Plasma update?
Liam Proven
lproven at gmail.com
Wed Dec 21 14:44:23 UTC 2022
On Tue, 20 Dec 2022 at 20:16, rikona <rikona at sonic.net> wrote:
> The window popped up by itself, not by anything I did, so I had no idea
> why it was there. I could close it, but in a while it would pop up
> again. Reminded me of the snap popup behavior I saw earlier. Is there a
> way I could tell what program caused it?
Without seeing it -- and, TBH, more familiarity with Kubuntu -- I can't say.
But standard vanilla Ubuntu itself does show upgrade reminders, yes.
It could be like this:
https://c-nergy.be/blog/?p=15689
... for a distro version upgrade
Or like this:
https://superuser.com/questions/1600131/how-can-i-configure-the-lubuntu-update-notifier-to-pop-up-less-often
... for updates to your current distro version.
> Interestingly, after I DID click on 'update', which was a complete
> failure, the popup has not come back. So it looks like SOME pgm thinks
> I actually DID an update. :-)
Well good!
As I have said elsewhere: I do a full update on all my machines every
day. It prevents nasty surprises.
> OK - I finally get it. Thanks.
OK, good.
> Part of the confusion was the large
> number of 'failure' descriptions I saw on the net, where the fix was a
> complete reinstall. Or, install Ubuntu and then add the KDE desktop.
Got any examples?
> <snip a great food-based description> :-)
Well, car-based ones are traditional in this business, but it seemed
more appropriate.
> Need to do it soon before the milk becomes buttermilk. :-))
Exactly so.
The thing is, from the first version, 4.10, Ubuntu came with GNOME.
Unity was based on some GNOME tech and parts.
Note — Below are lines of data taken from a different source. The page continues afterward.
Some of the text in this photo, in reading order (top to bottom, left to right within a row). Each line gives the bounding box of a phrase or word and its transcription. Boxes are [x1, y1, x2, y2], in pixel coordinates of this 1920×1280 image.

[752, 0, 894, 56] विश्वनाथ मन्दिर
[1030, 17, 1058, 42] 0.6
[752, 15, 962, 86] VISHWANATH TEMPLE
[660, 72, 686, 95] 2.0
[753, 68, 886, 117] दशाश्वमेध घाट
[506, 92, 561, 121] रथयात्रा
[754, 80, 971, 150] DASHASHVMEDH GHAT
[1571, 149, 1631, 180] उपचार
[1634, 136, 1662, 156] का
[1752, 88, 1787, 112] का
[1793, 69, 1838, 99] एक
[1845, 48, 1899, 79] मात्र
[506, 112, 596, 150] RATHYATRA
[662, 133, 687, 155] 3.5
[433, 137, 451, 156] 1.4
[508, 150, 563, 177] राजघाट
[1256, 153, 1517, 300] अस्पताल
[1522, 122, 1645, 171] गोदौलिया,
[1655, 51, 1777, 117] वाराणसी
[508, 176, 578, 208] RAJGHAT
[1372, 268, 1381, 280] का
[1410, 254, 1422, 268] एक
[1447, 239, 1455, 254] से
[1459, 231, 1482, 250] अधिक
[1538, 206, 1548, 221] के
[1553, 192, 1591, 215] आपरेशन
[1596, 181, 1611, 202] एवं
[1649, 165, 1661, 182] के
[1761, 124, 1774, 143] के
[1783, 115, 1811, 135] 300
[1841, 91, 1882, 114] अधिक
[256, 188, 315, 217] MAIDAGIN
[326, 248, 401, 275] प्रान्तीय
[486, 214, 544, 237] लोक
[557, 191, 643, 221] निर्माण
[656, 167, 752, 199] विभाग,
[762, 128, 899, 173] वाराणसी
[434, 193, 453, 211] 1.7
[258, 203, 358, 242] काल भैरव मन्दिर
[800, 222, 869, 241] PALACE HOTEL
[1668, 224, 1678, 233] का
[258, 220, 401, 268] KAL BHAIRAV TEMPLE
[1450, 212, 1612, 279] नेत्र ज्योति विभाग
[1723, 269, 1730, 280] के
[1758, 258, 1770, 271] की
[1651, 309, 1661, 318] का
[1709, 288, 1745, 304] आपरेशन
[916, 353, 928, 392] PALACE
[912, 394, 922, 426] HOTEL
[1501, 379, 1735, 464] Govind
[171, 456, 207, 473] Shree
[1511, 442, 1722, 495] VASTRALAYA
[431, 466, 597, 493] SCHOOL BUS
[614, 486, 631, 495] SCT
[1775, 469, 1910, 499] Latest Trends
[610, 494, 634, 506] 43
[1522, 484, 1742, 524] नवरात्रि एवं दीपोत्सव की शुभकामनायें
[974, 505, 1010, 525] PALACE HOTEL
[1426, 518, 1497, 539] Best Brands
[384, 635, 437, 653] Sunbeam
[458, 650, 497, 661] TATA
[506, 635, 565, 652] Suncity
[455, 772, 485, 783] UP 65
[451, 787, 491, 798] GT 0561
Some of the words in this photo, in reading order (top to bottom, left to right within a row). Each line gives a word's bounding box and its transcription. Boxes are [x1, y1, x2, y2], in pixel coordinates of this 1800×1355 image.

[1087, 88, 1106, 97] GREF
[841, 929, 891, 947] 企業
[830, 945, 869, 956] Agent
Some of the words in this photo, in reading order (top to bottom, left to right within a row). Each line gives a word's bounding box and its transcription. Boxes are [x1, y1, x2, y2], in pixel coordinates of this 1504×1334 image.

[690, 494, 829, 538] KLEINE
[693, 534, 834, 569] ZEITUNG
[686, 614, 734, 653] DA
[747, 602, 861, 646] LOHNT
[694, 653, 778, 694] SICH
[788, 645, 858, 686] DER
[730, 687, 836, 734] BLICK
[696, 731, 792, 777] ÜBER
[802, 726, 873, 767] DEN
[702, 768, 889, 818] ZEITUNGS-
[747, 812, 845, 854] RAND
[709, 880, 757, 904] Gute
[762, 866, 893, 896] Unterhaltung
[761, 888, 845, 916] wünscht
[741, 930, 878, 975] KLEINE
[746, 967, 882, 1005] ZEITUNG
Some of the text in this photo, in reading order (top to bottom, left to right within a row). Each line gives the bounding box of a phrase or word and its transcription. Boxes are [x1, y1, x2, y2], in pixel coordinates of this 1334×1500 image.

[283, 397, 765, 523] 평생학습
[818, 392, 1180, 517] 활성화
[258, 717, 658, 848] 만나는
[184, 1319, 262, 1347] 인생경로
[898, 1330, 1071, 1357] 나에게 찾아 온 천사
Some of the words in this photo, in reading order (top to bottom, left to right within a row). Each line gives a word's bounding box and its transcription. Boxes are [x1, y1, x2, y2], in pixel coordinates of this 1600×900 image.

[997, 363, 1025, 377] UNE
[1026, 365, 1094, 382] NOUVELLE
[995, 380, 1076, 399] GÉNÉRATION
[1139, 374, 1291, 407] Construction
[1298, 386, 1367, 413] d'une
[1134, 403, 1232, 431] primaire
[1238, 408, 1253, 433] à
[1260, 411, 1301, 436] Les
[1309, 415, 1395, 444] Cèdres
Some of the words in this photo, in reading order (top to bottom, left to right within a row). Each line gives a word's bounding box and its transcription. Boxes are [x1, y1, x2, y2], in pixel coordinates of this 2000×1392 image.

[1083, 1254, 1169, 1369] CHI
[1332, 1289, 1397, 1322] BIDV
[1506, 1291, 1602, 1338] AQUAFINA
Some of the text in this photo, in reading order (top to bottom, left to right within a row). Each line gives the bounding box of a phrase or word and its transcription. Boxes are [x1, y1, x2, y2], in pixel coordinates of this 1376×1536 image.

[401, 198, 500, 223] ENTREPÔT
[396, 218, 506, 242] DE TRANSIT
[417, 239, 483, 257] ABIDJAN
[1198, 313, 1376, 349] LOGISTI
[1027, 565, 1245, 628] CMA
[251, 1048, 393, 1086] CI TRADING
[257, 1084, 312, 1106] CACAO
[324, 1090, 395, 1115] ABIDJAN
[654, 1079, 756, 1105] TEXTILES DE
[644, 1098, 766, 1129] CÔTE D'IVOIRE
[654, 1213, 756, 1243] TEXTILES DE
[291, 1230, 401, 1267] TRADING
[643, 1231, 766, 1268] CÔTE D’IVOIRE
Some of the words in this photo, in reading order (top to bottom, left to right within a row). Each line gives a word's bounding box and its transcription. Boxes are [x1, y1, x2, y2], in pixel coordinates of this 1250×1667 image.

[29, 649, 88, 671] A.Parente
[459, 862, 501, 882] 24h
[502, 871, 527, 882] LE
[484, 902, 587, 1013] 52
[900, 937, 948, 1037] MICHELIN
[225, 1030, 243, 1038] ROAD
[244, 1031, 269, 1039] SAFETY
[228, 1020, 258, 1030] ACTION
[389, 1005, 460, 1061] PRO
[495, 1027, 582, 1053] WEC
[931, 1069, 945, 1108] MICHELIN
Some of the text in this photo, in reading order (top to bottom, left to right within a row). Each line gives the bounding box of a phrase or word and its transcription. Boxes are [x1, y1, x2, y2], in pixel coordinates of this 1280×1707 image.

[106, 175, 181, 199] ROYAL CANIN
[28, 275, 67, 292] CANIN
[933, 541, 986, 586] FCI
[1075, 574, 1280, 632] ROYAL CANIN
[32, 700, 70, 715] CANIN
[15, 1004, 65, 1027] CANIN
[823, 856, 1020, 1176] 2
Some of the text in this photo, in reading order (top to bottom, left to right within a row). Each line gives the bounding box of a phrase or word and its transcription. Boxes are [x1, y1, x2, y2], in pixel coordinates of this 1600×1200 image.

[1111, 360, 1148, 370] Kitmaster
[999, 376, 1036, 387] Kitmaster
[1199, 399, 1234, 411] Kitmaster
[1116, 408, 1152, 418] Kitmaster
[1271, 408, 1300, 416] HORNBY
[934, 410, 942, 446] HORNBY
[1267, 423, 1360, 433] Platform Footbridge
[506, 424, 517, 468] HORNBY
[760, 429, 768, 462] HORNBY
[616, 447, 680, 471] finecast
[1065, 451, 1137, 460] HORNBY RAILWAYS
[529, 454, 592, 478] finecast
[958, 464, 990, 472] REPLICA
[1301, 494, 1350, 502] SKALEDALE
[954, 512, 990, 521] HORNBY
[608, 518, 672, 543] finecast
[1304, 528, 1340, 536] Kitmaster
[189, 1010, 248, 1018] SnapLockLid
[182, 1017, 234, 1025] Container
Ubuntu's twice-yearly
release cycle was originally designed to sync with GNOME's.
It doesn't any more but that was the plan.
It does _not_ sync with KDE release cycles. In fact sometimes it
clashes with them.
> OK - I'm assuming it does not update other software, such as Pale Moon, Claws mail, etc.
Aaaah. Oh dear. When you said you had got it, I was wondering. You
have not got it.
Look, the official way to install software on Ubuntu is by getting it
from Ubuntu's repositories.
But you can also add new repositories and install extras from them.
Like KDE in my article.
Then, that _becomes part of the system_. When you update, they get
updated to. But if you add, say, KDE 5.25, and then keep updating,
and eventually Ubuntu adopts 5.25, and then later 5.26, then no, the
external repos version may stay what it was... but newer stuff comes
from the standard repos.
It is not a yes/no sort of answer.
But if you add software from the built-in Ubuntu repositories,
whatever it is, then yes, it is part of the OS and it will get
upgraded with the rest of the OS. Even if you upgrade the OS to a new
version.
HOWEVER, if you add *new* repositories, then when you upgrade, those
are disabled, and whatever came from them stops getting updated.
This is one of the issues that Snap fixes. (And Flatpak.)
> Understood, and I agree. GUI stuff can be hard to describe, especially
> if some error occurred which is not evident in the GUI.
Very.
So my advice is: learn to use the terminal to update. It's simpler
and more reliable, in the long run.
> Good article. Wish I had seen it earlier. #2 has a floating taskbar,
> and yes that might be missed, and rather hard to describe well.
That's the one, yes. As mentioned in the caption, of course.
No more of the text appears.